Just to indicate more sources of confusion: A LUT used as a RAM is worth at least 4 gates per bit, plus decoding from 4 inputs to 16 cells. That gets us to ~80 gates. If you use the LUT as a 16-bit shift register with adjustable tap (SRL16), then you are well over a 100 gates per LUT. But I will not tell Marketing...

14 years ago I quipped that gate-count is as meaningless a measure of FPGA capacity, as 36-24-34 is a meaningless measure of female beauty. May not be politically correct these days... Peter Alfke =====================
Reply to
Peter Alfke

4
Reply to
Symon

Not true. Marketing would have rounded it up to the next million. it takes sofrware geeks to quote vaguely defined values with 7 digit resolution, aka "accuracy". Peter Alfke

Reply to
Peter Alfke

In almost any ASIC cell lib, an XOR can be as little as 1 2nand gate for the elcheapo xfer common control version or usually about 2 2nand gates worth of area for the much better aoi version. I could look up the actual sizes for AMI,HP,VLSI but those are dated 0.6u. An inverter usually costs about 70% of a 2nand. Its not the transister count but the local interconnect that can make some of these bigger cells not so big after all. Please forget about counting 2nand equivs. It makes no sense for ASICs or FPGAs.
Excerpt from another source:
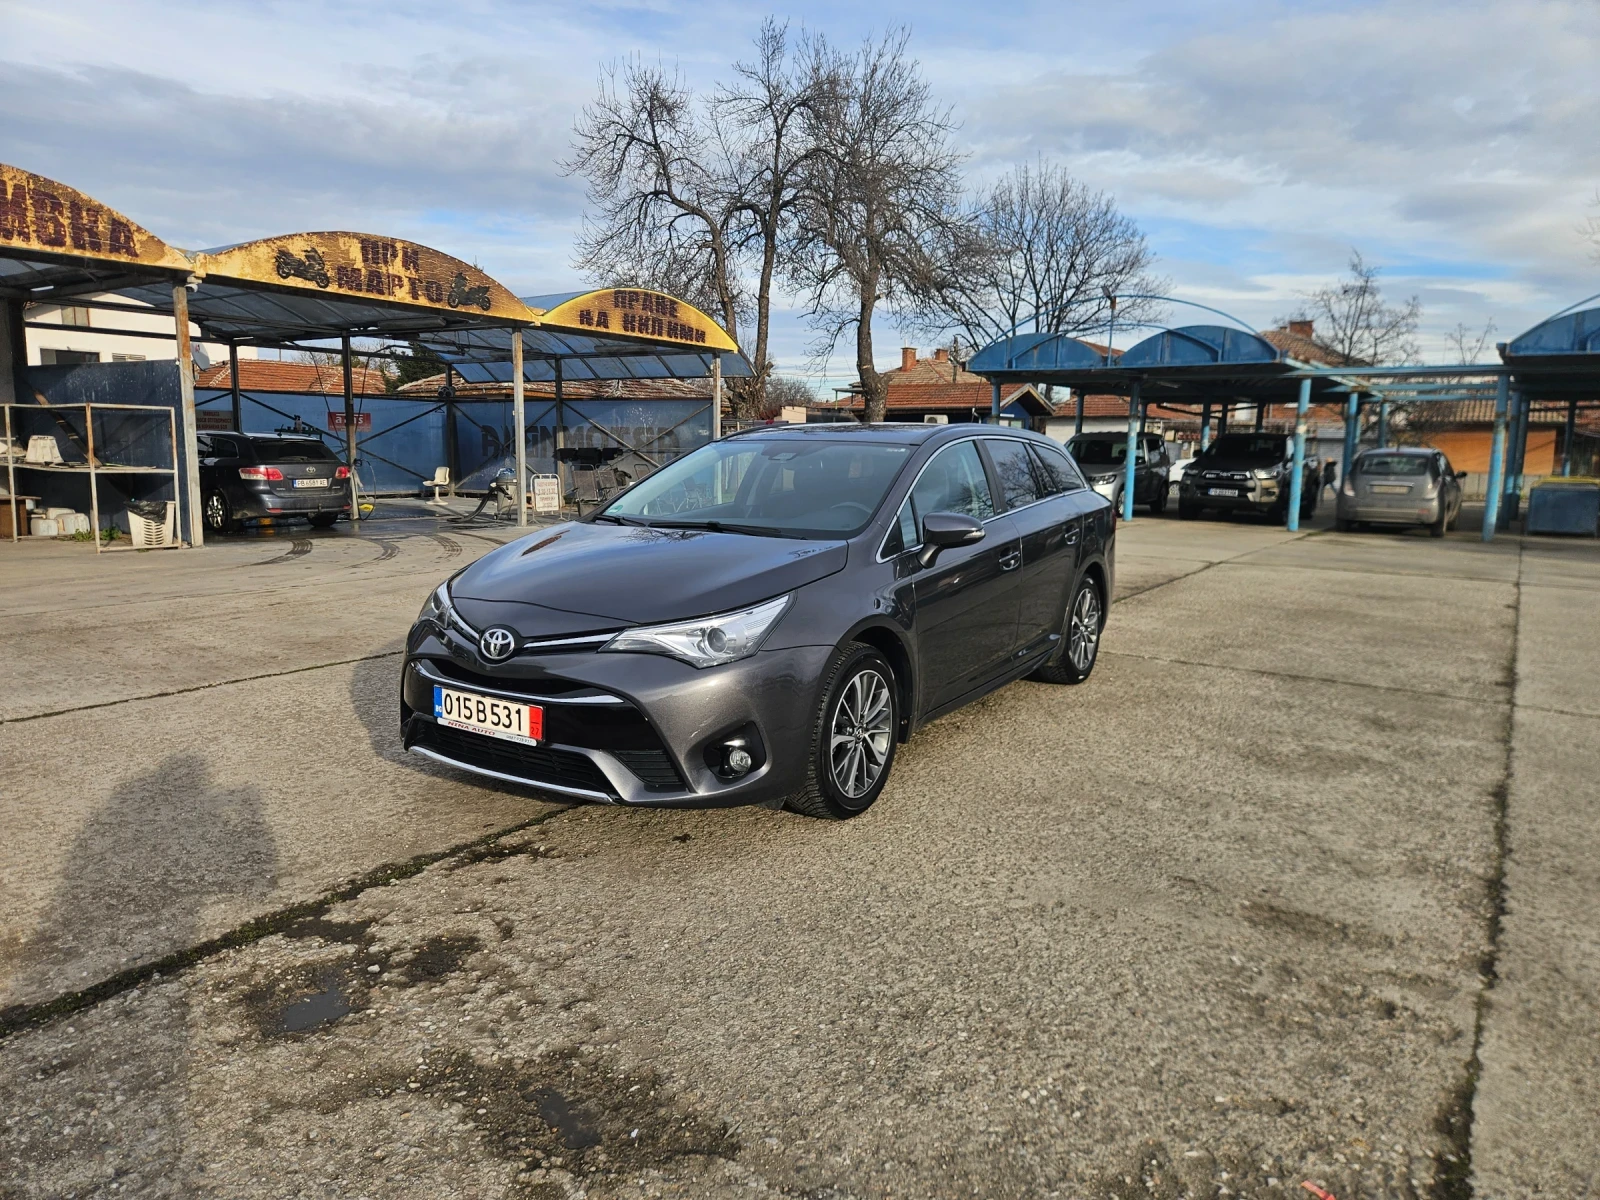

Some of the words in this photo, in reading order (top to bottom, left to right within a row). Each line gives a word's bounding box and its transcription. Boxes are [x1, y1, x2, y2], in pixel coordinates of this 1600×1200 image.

For most of my FPGA XST synth reports I look at the bigger functions it finds, ie adders, Dflops, muxes etc and convert them directly into their equiv ASIC by looking at the lib relative areas. Most of my logic doesn't produce alot of those funny 4-8 functions that can't be easily described or compared, its the memories, muxes, flops, adders (maybe multipliers) that dominate.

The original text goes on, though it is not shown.